Susan Grogan currently serves as NJPC’s Executive Director.13/13/Grogan Cert., Para. 1. She served in several managerial positions for NJPC between 2003 and the present, including as NJPC’s Acting Executive Director, Planning Director and NJPC’s Chief Planner.14/14/Grogan Cert., Paras. 2-4. According to Grogan, these positions “are considered managerial positions” and from her managerial experience she is “familiar with the Commission’s collective negotiations agreements with CWA” and “management’s understanding of the intent of such provisions.”15/15/Grogan Cert., Para. 5.

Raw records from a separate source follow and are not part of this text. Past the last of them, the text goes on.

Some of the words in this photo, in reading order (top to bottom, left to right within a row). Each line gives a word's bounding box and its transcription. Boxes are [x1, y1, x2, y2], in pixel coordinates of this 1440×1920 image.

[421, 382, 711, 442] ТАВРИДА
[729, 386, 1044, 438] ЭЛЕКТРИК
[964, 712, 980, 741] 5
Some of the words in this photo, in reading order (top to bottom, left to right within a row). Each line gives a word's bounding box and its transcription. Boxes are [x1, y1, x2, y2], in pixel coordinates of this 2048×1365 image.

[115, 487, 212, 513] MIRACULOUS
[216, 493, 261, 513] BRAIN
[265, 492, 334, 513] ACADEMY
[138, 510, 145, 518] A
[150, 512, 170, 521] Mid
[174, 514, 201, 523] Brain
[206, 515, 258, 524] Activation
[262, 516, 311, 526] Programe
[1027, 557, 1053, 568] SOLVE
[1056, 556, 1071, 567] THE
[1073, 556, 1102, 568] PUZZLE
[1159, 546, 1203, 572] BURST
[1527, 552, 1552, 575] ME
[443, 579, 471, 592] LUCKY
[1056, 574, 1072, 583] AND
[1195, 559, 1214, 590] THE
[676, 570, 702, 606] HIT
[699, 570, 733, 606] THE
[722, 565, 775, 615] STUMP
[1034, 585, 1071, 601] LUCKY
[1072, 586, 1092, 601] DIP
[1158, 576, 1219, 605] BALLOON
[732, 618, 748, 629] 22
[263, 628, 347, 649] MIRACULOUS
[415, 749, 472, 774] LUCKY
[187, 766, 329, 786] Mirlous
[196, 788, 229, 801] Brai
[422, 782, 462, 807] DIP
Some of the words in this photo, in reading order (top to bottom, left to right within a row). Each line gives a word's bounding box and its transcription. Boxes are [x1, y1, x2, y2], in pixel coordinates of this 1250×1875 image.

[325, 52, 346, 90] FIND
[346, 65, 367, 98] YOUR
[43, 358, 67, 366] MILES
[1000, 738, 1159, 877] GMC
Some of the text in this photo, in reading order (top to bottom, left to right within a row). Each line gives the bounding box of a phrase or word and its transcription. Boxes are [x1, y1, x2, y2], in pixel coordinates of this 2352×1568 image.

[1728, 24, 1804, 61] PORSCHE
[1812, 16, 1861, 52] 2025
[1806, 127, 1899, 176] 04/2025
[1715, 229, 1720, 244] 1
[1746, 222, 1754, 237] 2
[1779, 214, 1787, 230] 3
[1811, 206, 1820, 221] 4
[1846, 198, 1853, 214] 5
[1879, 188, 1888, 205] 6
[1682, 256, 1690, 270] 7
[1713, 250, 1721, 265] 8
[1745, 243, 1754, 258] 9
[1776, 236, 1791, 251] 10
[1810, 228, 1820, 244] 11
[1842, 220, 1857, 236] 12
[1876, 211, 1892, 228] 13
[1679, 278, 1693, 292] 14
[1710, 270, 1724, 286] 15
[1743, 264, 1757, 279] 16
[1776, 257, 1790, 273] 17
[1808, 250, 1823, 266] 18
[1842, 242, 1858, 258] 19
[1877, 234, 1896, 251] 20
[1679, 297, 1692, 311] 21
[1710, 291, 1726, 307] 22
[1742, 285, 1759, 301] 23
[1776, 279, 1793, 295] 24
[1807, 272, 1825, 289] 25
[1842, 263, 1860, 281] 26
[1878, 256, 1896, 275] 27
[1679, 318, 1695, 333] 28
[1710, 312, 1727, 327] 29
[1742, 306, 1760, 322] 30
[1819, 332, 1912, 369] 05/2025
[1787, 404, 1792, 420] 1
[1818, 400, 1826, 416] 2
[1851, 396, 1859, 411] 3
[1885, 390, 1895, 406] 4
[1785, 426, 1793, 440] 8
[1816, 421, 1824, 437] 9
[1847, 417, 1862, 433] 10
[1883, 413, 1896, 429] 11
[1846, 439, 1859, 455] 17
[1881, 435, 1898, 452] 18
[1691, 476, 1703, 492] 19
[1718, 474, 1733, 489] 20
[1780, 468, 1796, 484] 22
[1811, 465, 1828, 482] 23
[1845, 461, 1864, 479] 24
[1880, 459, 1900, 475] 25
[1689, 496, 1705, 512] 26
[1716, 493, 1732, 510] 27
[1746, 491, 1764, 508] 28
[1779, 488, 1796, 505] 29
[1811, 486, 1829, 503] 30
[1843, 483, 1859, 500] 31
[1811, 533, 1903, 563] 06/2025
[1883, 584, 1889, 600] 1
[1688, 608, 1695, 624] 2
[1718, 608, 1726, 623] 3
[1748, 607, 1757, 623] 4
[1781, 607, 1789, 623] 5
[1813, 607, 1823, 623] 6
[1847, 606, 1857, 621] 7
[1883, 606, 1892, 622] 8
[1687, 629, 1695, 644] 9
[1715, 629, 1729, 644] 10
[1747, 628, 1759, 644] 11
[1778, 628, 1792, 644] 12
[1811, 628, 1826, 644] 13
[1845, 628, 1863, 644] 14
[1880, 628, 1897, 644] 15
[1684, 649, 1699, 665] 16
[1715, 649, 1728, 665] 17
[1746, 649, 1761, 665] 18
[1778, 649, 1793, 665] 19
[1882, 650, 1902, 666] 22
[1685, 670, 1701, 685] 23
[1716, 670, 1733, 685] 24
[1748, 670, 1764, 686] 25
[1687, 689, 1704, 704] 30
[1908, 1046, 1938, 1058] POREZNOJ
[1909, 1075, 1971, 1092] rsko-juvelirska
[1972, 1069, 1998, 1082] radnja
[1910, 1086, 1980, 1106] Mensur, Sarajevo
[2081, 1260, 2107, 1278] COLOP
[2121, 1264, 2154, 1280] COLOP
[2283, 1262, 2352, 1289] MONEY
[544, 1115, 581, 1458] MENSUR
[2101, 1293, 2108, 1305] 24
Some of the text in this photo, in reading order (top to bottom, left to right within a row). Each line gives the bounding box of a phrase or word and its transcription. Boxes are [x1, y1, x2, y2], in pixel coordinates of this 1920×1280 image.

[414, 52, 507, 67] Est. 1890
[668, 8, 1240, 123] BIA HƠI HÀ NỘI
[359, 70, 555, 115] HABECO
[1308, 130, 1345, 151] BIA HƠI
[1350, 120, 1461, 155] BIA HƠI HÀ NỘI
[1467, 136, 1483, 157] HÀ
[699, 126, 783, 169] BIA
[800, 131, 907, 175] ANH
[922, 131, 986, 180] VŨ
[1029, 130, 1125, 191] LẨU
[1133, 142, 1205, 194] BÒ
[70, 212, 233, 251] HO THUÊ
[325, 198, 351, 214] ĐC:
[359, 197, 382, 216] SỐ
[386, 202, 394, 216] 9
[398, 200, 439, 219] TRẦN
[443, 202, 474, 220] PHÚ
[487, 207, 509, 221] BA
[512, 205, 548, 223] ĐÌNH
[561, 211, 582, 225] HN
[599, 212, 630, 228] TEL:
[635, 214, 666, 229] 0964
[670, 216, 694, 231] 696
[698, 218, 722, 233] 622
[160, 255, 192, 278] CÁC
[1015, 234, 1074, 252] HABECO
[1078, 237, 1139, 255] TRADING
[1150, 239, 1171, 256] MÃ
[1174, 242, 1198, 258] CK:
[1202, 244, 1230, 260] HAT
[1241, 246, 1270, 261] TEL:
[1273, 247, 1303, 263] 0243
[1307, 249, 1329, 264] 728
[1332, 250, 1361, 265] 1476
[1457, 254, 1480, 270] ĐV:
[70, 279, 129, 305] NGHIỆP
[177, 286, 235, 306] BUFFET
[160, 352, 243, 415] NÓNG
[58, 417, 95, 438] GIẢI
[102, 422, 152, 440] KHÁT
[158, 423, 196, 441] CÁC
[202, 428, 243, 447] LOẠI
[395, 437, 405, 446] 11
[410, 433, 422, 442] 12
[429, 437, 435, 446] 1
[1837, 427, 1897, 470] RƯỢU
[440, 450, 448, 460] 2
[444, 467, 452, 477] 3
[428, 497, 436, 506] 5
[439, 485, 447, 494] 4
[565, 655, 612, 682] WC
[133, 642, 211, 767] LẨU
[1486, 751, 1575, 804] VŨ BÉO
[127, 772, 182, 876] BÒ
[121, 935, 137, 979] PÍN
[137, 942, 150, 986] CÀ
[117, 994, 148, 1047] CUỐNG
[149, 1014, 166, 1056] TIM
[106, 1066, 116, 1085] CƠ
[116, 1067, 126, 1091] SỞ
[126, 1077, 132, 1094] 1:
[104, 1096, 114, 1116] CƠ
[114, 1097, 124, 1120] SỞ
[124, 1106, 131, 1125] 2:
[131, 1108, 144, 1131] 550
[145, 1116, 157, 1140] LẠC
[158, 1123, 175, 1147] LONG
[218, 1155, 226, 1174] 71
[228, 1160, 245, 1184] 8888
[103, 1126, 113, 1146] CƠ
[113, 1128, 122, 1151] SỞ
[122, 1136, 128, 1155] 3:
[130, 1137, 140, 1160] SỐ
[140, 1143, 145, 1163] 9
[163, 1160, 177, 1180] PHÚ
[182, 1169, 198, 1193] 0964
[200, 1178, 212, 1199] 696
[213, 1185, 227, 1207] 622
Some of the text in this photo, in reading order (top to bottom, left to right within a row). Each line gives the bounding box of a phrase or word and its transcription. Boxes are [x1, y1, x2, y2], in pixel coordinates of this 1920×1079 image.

The CWA and NJPC have negotiated four collective negotiations agreements since 2007.16/16/Grogan Cert., Para. 7. Grogan certifies that each of the agreements addressed merit pay increases in the following ways17/17/Grogan Cert., Para. 8. :
          1. The 2007-2011 agreement with the CWA “provided for a merit pool of 2.5% of the total annual salaries of eligible bargaining unit employees and merit was distributed based on an employee’s performance evaluation rating on a scale of 1-5;
          2. The 2011-2015 agreement “provided that there would be no merit increases for the terms of the contract, and that merit would remain a negotiable item as part of the next contract term;
          3. The 2015-2019 agreement also provided that there would be no merit increases during the term of the agreement; and
          4. The 2019-2023 agreement provides for merit pay increases of “2.25% of an employee’s salary or the amount needed for the employee to meet the maximum level of the salary range for his/her position”, but such an increase “was dependent upon the employee’s performance rating, an employee was required to achieve a performance rating of a 3 (exceeds expectations) or 2 (satisfactory) to be eligible for a merit increase.”

Grogan certifies that the NJPC “never paid merit increases during the time between the expiration of a CNA [collective negotiations agreement] and conclusion of the negotiations for a new CNA.”18/18/Grogan Cert., Para. 9.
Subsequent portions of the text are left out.